_Work instruction_
Transcribe these records exactly, dropping every picture.

_Given information_

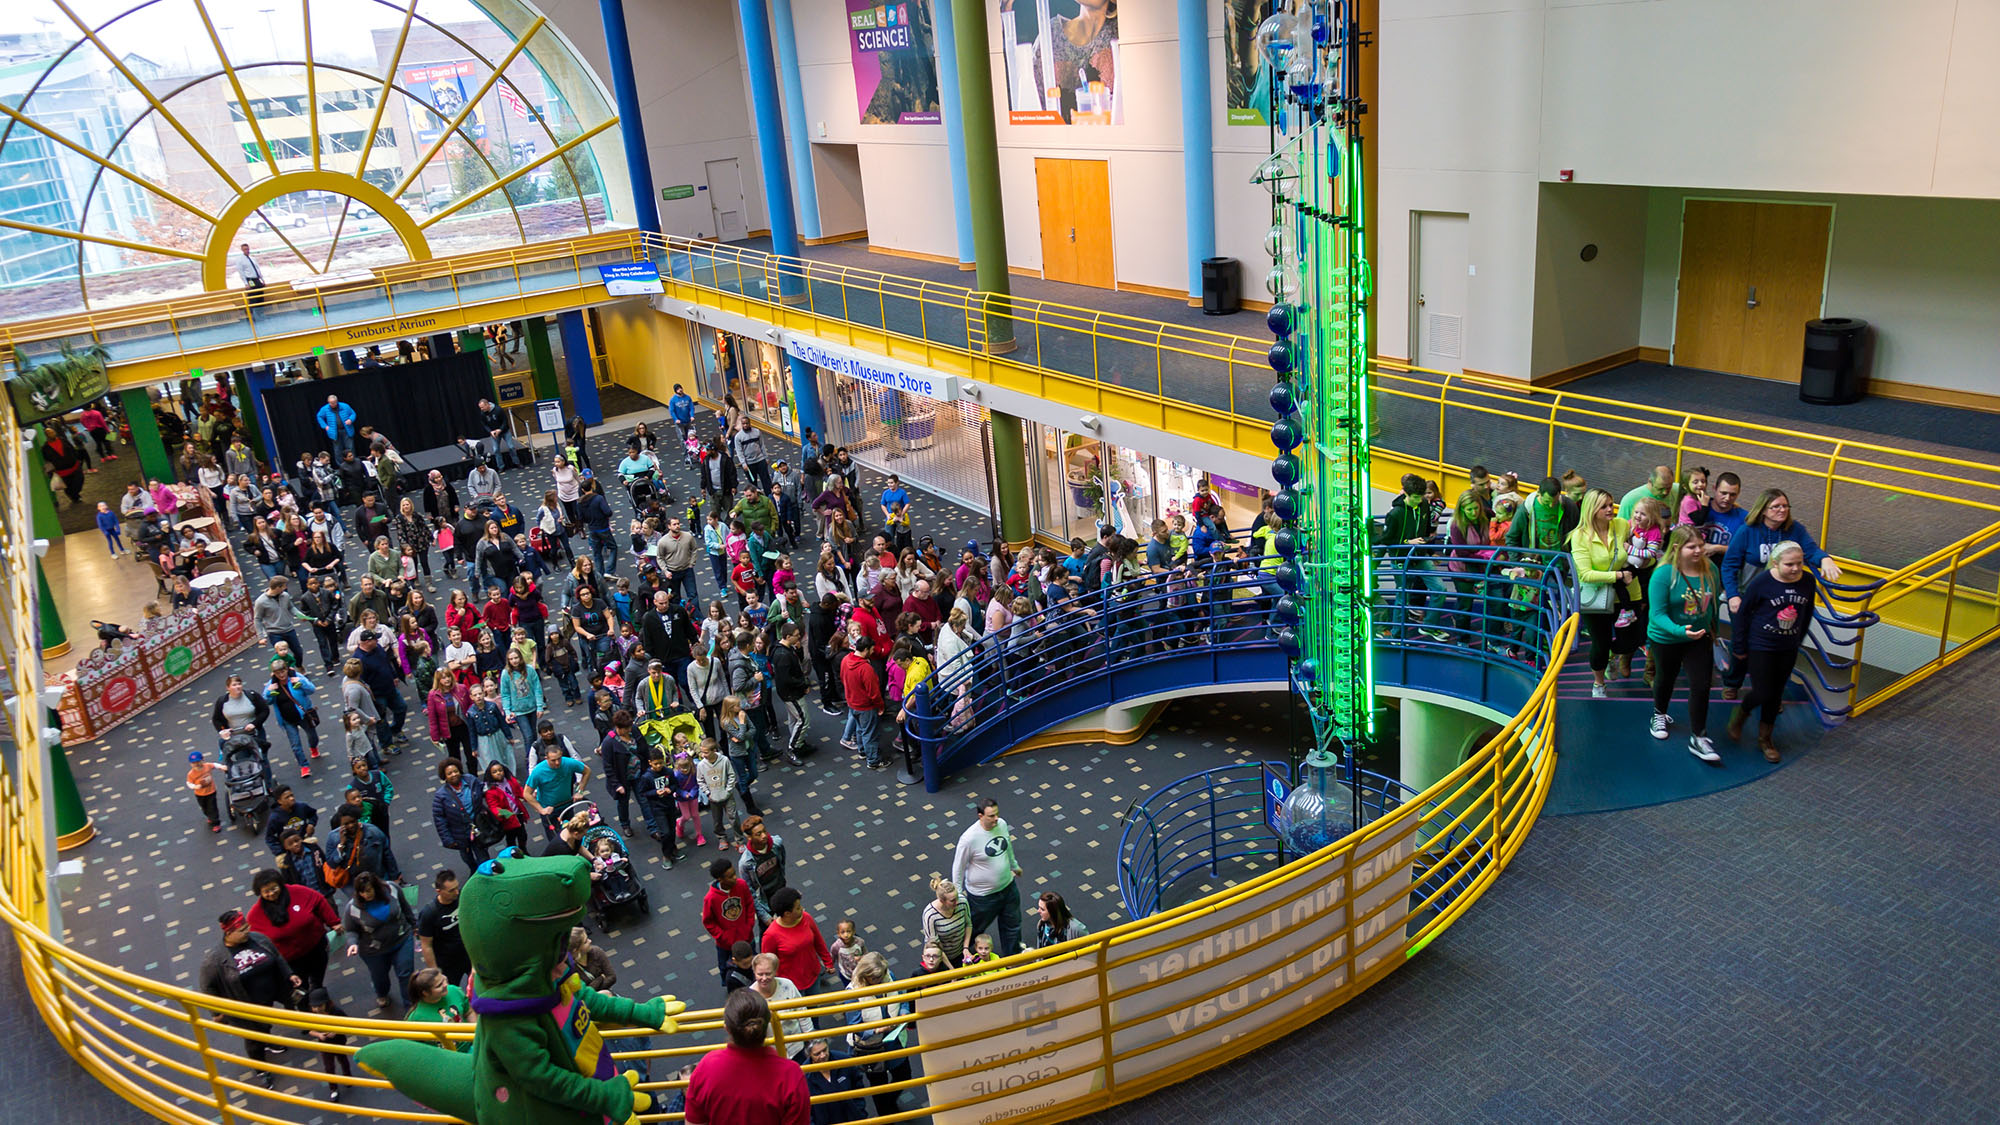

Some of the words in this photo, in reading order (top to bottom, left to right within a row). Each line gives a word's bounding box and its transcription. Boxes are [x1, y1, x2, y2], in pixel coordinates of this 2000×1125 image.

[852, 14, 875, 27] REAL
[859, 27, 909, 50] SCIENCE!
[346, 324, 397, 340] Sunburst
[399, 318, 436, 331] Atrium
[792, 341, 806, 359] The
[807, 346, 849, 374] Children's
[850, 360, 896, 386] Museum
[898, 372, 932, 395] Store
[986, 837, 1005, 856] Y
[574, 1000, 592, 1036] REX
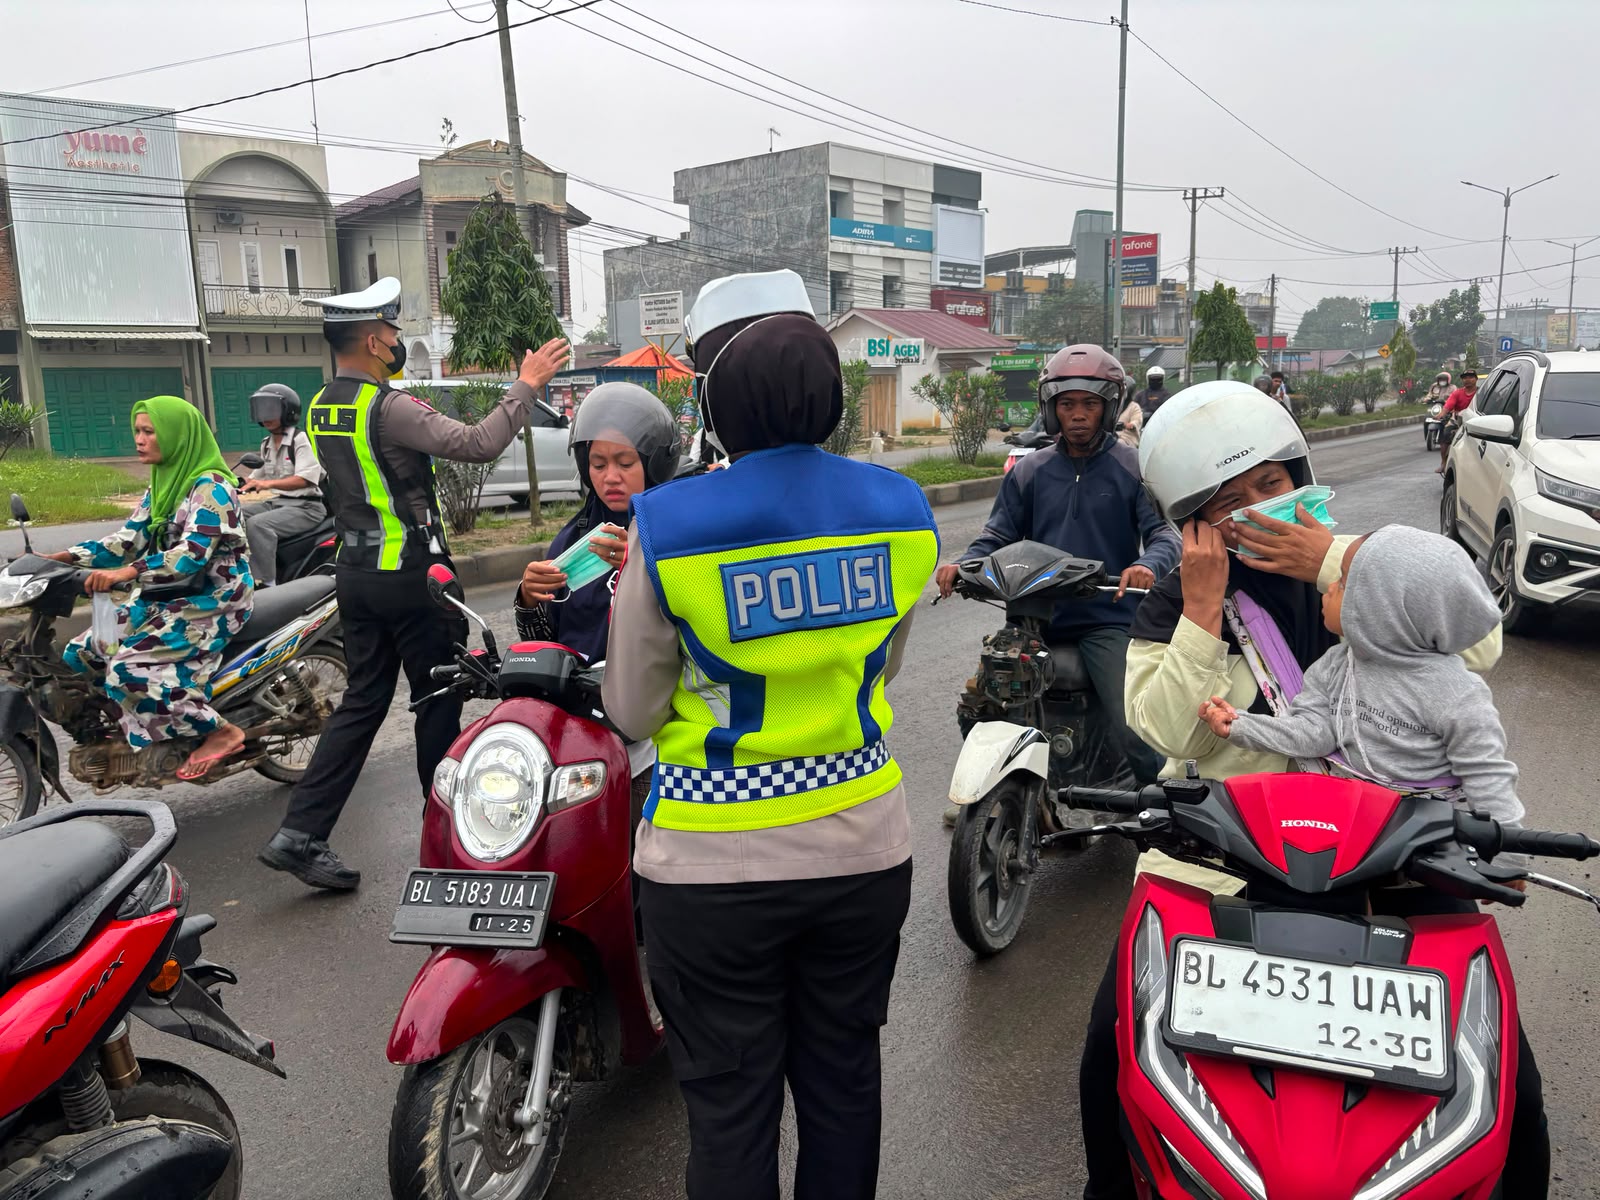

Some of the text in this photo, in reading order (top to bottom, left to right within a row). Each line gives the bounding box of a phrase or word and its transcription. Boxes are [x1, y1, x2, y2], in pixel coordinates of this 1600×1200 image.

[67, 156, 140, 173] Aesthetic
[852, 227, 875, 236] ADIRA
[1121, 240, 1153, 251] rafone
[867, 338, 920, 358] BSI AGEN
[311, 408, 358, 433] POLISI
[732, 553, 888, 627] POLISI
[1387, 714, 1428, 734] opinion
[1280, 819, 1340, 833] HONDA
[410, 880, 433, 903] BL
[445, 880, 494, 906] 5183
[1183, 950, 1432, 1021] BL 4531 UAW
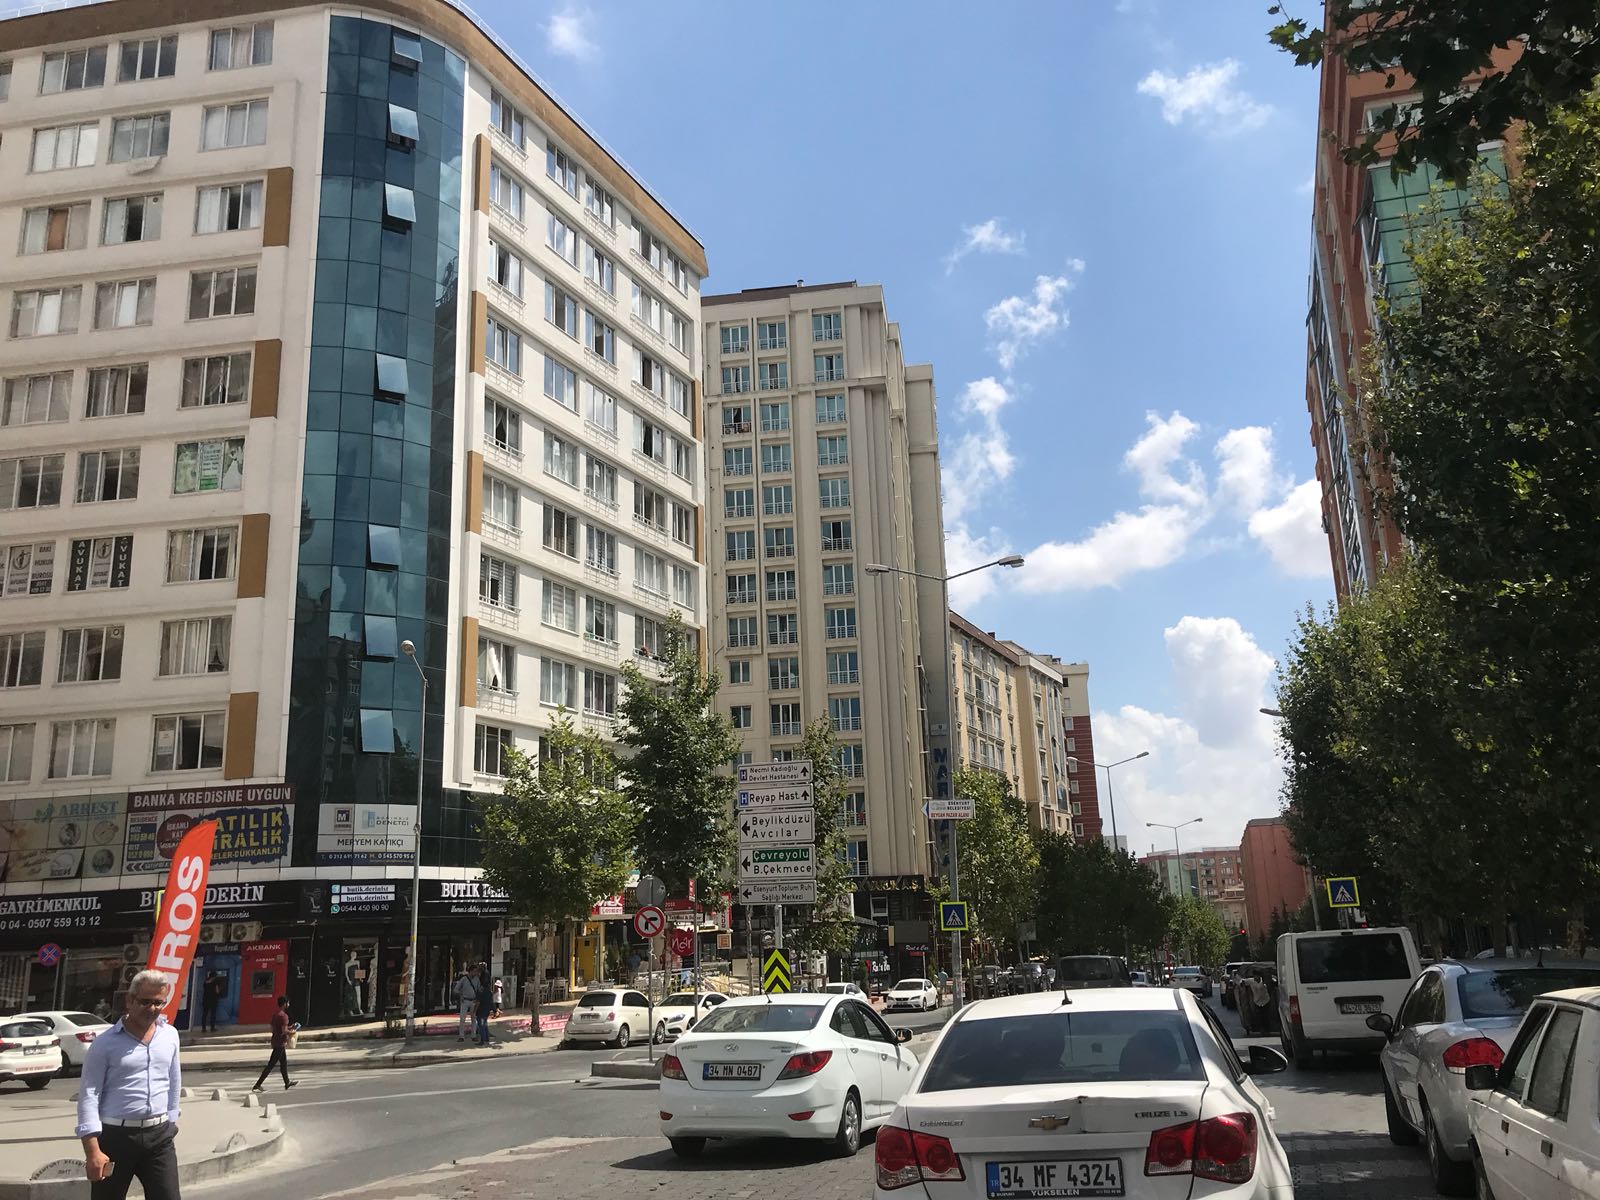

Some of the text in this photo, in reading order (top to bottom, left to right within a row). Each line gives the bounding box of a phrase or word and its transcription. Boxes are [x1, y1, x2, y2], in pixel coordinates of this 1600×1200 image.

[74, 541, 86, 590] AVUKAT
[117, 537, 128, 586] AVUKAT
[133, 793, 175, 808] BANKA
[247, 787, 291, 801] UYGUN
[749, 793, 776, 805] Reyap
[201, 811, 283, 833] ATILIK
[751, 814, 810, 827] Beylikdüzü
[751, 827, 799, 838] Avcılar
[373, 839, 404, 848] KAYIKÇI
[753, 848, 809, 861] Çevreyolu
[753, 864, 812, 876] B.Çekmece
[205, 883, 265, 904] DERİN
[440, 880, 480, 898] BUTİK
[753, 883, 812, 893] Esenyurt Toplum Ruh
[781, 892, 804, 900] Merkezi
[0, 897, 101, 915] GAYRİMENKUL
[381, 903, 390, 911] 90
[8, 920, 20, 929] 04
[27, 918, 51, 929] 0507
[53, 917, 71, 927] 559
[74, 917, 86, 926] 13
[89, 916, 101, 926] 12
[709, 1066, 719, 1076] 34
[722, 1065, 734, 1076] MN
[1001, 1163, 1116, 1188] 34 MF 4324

_Response to this exercise_
Some of the words in this photo, in reading order (top to bottom, left to right within a row). Each line gives a word's bounding box and its transcription. Boxes are [x1, y1, x2, y2], in pixel coordinates of this 2000×1125 image.

[852, 14, 875, 27] REAL
[859, 27, 909, 50] SCIENCE!
[346, 324, 397, 340] Sunburst
[399, 318, 436, 331] Atrium
[792, 341, 806, 359] The
[807, 346, 849, 374] Children's
[850, 360, 896, 386] Museum
[898, 372, 932, 395] Store
[986, 837, 1005, 856] Y
[574, 1000, 592, 1036] REX

Some of the text in this photo, in reading order (top to bottom, left to right within a row). Each line gives the bounding box of a phrase or word and its transcription. Boxes are [x1, y1, x2, y2], in pixel coordinates of this 1600×1200 image.

[67, 156, 140, 173] Aesthetic
[852, 227, 875, 236] ADIRA
[1121, 240, 1153, 251] rafone
[867, 338, 920, 358] BSI AGEN
[311, 408, 358, 433] POLISI
[732, 553, 888, 627] POLISI
[1387, 714, 1428, 734] opinion
[1280, 819, 1340, 833] HONDA
[410, 880, 433, 903] BL
[445, 880, 494, 906] 5183
[1183, 950, 1432, 1021] BL 4531 UAW

Some of the text in this photo, in reading order (top to bottom, left to right within a row). Each line gives the bounding box of a phrase or word and its transcription. Boxes are [x1, y1, x2, y2], in pixel coordinates of this 1600×1200 image.

[74, 541, 86, 590] AVUKAT
[117, 537, 128, 586] AVUKAT
[133, 793, 175, 808] BANKA
[247, 787, 291, 801] UYGUN
[749, 793, 776, 805] Reyap
[201, 811, 283, 833] ATILIK
[751, 814, 810, 827] Beylikdüzü
[751, 827, 799, 838] Avcılar
[373, 839, 404, 848] KAYIKÇI
[753, 848, 809, 861] Çevreyolu
[753, 864, 812, 876] B.Çekmece
[205, 883, 265, 904] DERİN
[440, 880, 480, 898] BUTİK
[753, 883, 812, 893] Esenyurt Toplum Ruh
[781, 892, 804, 900] Merkezi
[0, 897, 101, 915] GAYRİMENKUL
[381, 903, 390, 911] 90
[8, 920, 20, 929] 04
[27, 918, 51, 929] 0507
[53, 917, 71, 927] 559
[74, 917, 86, 926] 13
[89, 916, 101, 926] 12
[709, 1066, 719, 1076] 34
[722, 1065, 734, 1076] MN
[1001, 1163, 1116, 1188] 34 MF 4324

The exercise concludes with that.